The Turkish lira hit an eight-month low against the dollar Thursday, bringing losses this week to 4%. In response, the central bank announced a “backdoor rate rise” by suspending one-week repurchase agreement auctions. Relief for the battered currency was short-lived, and it returned to the same levels within a couple of hours of the central bank’s move.
A poll of 5,500 people conducted by MAK Consultancy at the end of April showed a majority of voters support Imamoglu, pollster Mehmet Ali Kulat was quoted as saying by the Cumhuriyet newspaper. He did not give an exact figure.
About 16% of voters may switch their candidates this time around, and Kulat said a majority of those respondents had voted for AKP candidate Binali Yildirim in March. As many as 10% of voters may skip the second poll, fewer than the number who sat out the last vote, he added.
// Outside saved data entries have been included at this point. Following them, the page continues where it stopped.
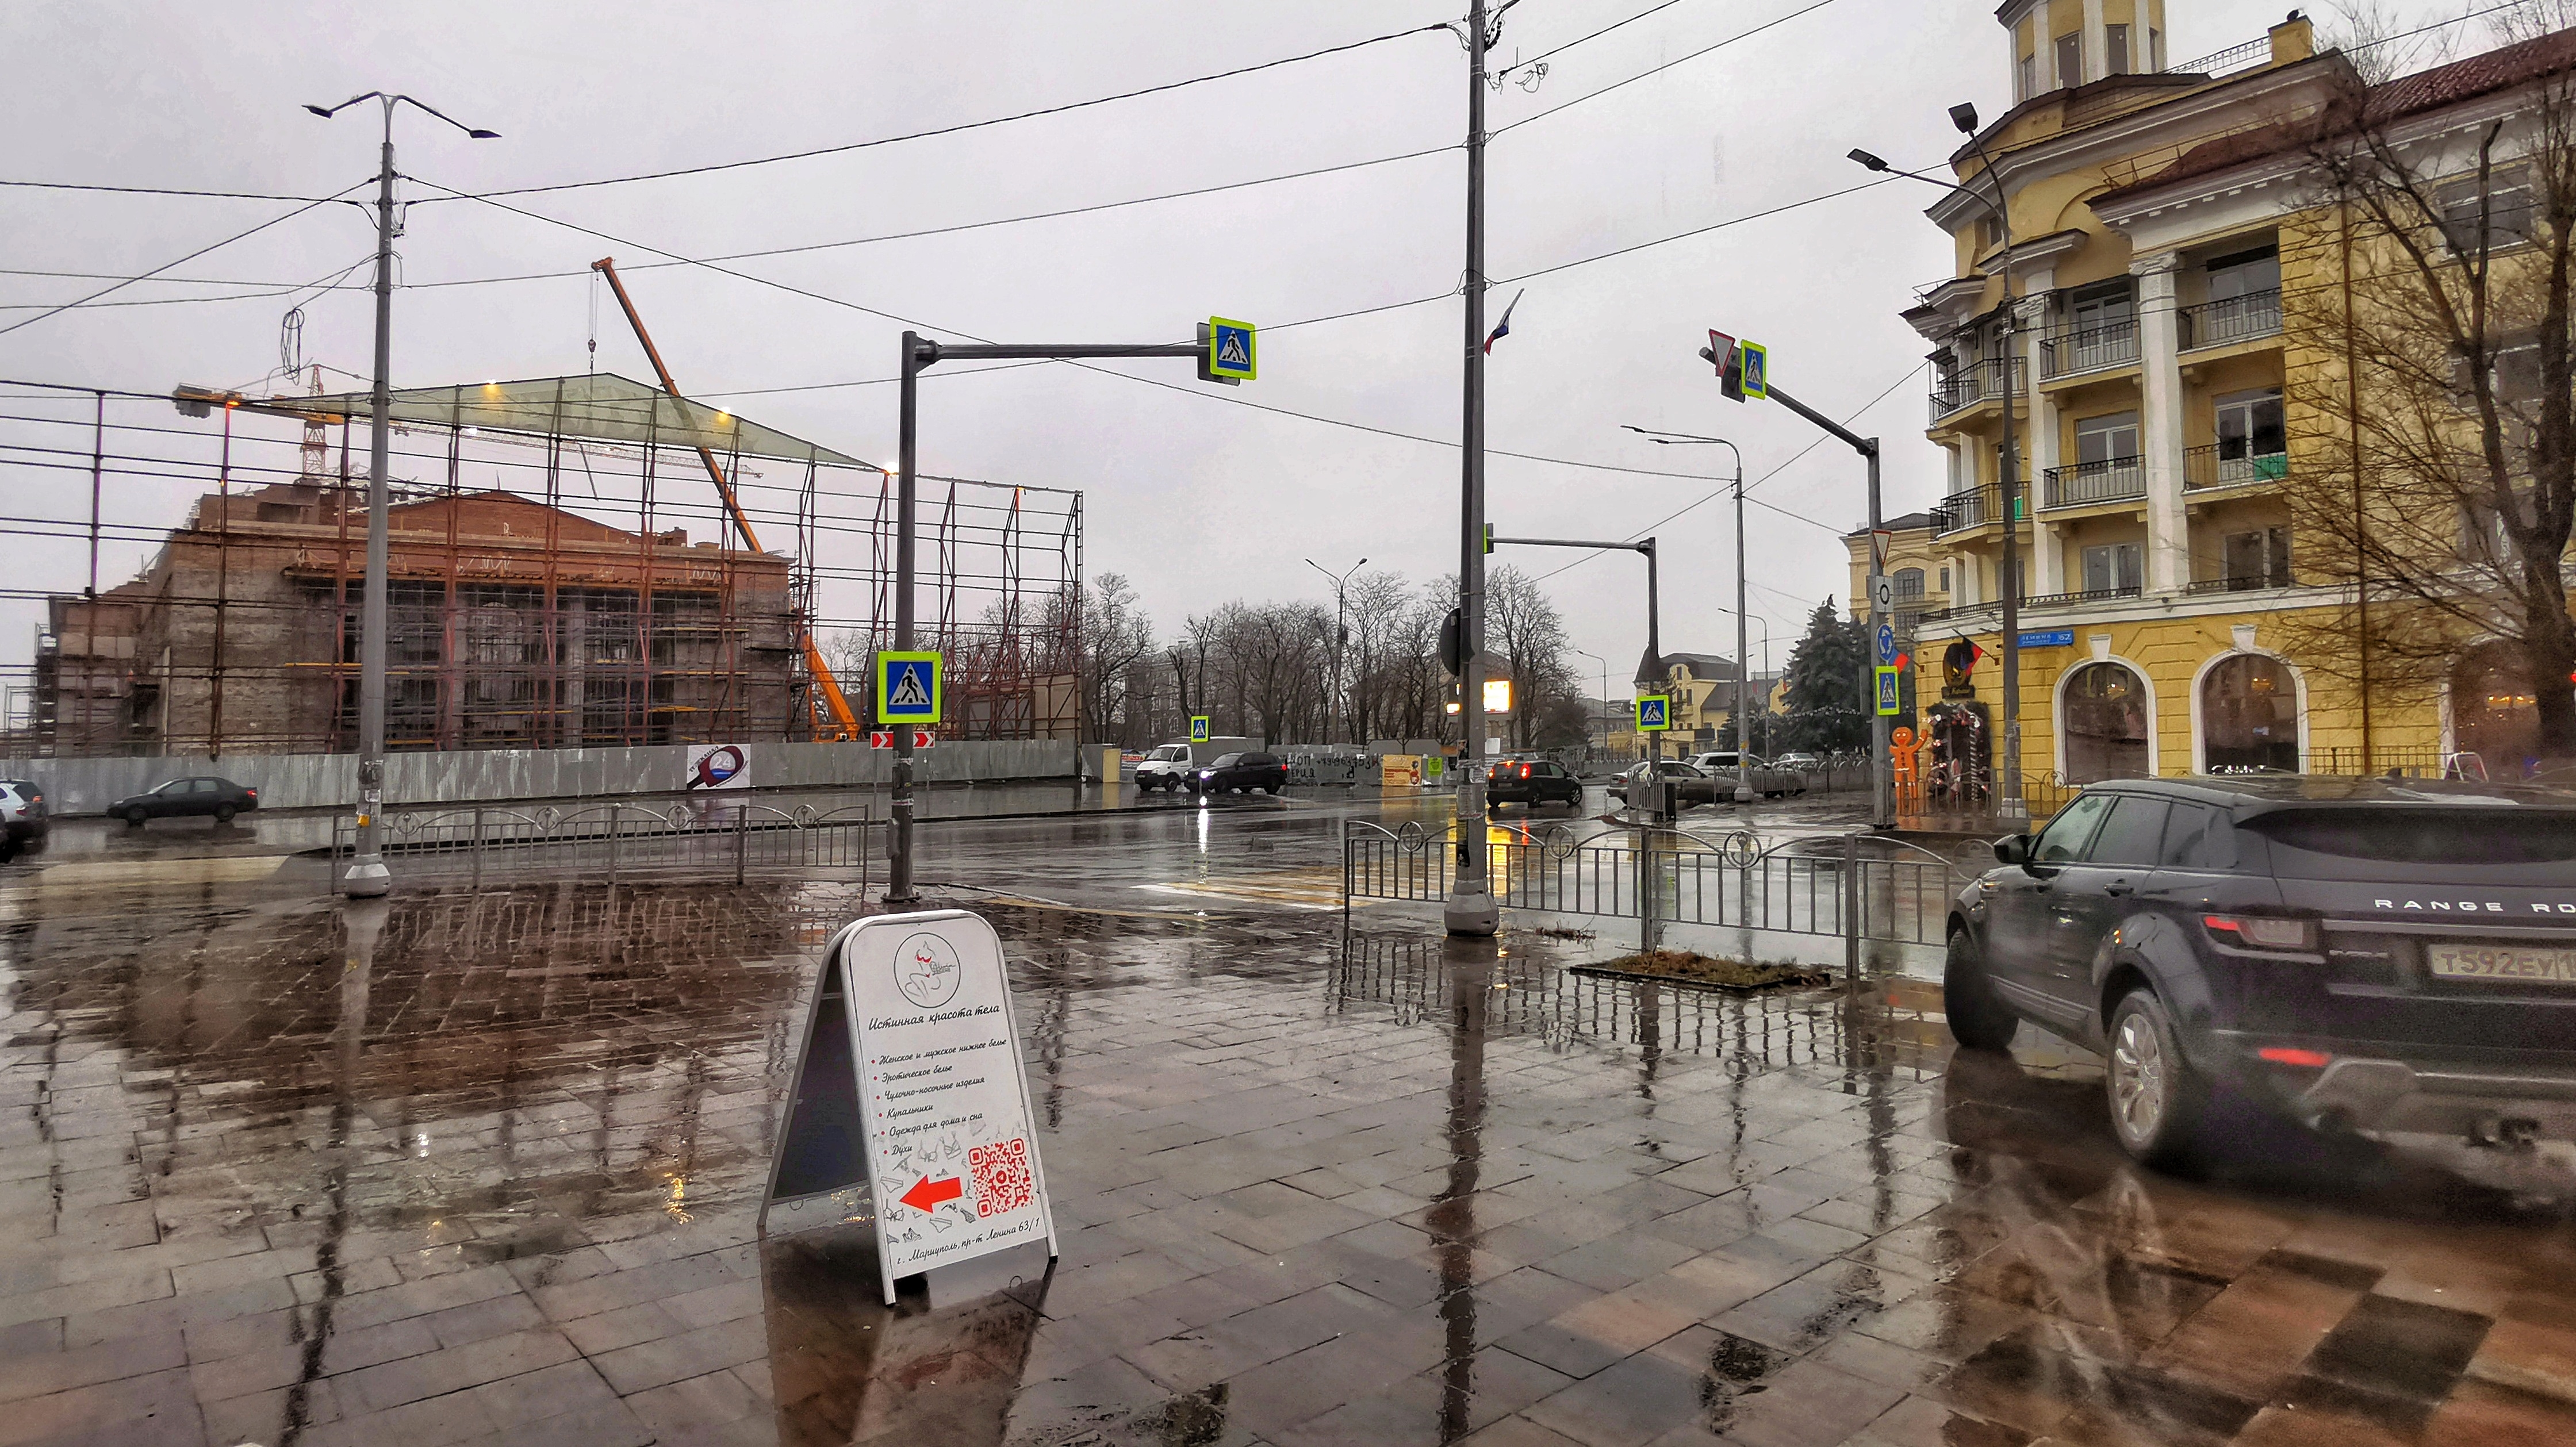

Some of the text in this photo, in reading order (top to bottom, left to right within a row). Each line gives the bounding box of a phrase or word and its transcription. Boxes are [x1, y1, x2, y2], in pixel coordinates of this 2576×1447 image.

[713, 755, 731, 769] 24
[2374, 899, 2504, 912] RANGE
[868, 1005, 1000, 1031] Истинная красота тела
[879, 1054, 913, 1065] Женское
[923, 1047, 956, 1060] мужское
[959, 1042, 986, 1053] нижнее
[988, 1038, 1007, 1047] белье
[881, 1065, 953, 1085] Эротическое белье
[884, 1076, 985, 1103] Чулочно-носочные изделия
[886, 1104, 933, 1120] Купальники
[889, 1125, 921, 1138] Одежда
[922, 1121, 937, 1133] для
[940, 1117, 960, 1130] дома
[969, 1112, 983, 1120] сна
[891, 1144, 913, 1157] Духи
[908, 1242, 960, 1262] Мариуполь,
[961, 1234, 983, 1252] пр-т
[986, 1226, 1017, 1241] Ленина
[1018, 1217, 1040, 1232] 63/1
With all eyes trained on Istanbul, the plight of opposition mayors in Turkey’s mainly Kurdish southeast has been overshadowed. Six mayors from the left-wing Peoples’ Democratic Party (HDP) who were elected in the region have been barred from taking up their posts after the Supreme Electoral Council ruled their previous dismissals from government posts under emergency rule disqualified them. Those mayoral mandates have been given to the election runners-up, who are members of the AKP.
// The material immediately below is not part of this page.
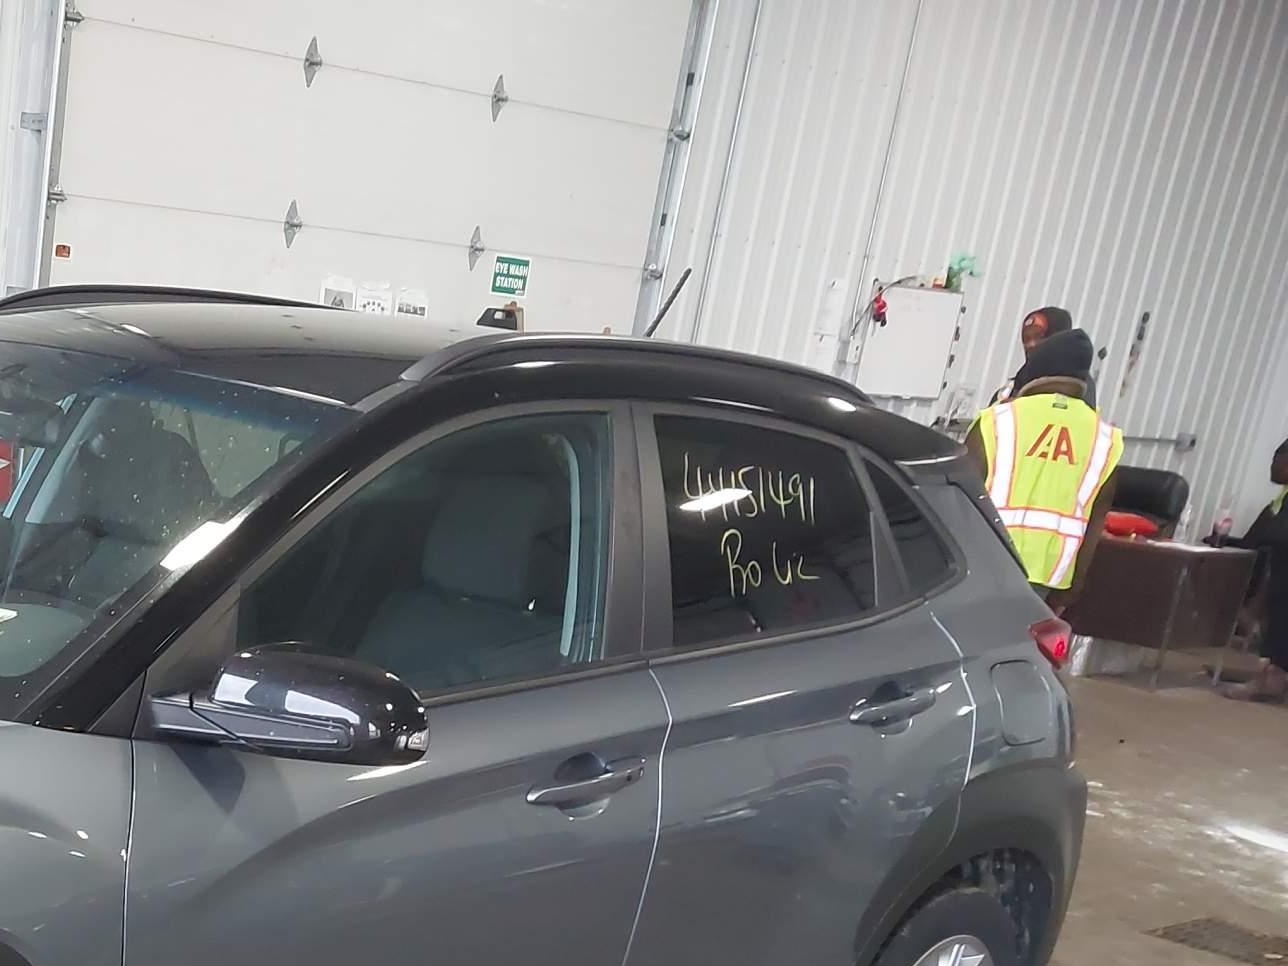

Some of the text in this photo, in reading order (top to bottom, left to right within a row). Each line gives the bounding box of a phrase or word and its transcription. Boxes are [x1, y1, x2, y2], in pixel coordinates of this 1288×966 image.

[495, 262, 529, 276] EYE WASH
[495, 276, 523, 289] STATION
[683, 452, 817, 526] 44151491
Dozens of elected city council members in the southeast have also been barred, prompting the HDP this week to apply to the Constitutional Court to overturn the Supreme Electoral Council decision. The party argues that the election board knew of their dismissals when it approved their candidacies ahead of the vote.
For Istanbul, the HDP will prove decisive. Its estimated 1.2 million voters likely swung the vote for Imamoglu after Selahattin Demirtas, the party’s former chairman who was jailed in 2016, urged them to vote “strategically,” widely understood to be a call to support the opposition in cities, including Istanbul, where the HDP did not field candidates.
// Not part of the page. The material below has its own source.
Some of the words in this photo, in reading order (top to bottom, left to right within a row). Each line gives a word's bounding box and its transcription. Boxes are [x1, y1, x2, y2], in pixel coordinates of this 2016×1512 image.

Now the AKP may try to win back Kurdish voters disaffected by Erdogan’s rhetoric during the election, in which he inflamed Turkish nationalist sentiment by referring to the HDP as “terrorists” over their purported affiliation with the armed Kurdistan Workers Party (PKK), which has waged a three-decade campaign for autonomy at a cost of 40,000 lives. The HDP denies links with the militants and supports a negotiated settlement to the conflict.
Last week, the government permitted lawyers to visit PKK leader Abdullah Ocalan, in prison for two decades for treason, for the first time since 2011. The HDP has long decried his harsh prison conditions, and party members are staging a mass hunger strike over his isolation.
“Erdogan may seek to split nationalist Kurdish voters from the opposition,” said Cagaptay. Courting Kurds through Ocalan would “lose Erdogan a few nationalists but the larger number of Kurdish votes will deliver him the election. If Kurdish voters just stay home, Imamoglu loses.”
The AKP plans to quietly seek Kurds’ support through community leaders in parts of the city with large numbers of the ethnic group, Deutsche Welle reported, citing AKP sources. The low-key campaign is aimed at assuaging objections from its ultranationalist alliance partners, the news organization reported.
But for some Kurds, that outreach comes too late. Hasan, 57, who asked that his surname not be used, is a lifelong supporter of the HDP and its predecessor parties but voted for the CHP for the first time in March. He said he would do so again in June.
“I don’t care if they bring Ocalan and place him here right in front of me. I will still vote for Imamoglu,” he told Al-Monitor. “There’s something called a conscience, and if anyone still has one in this country, it’s Kurds. We know injustice when we see it.”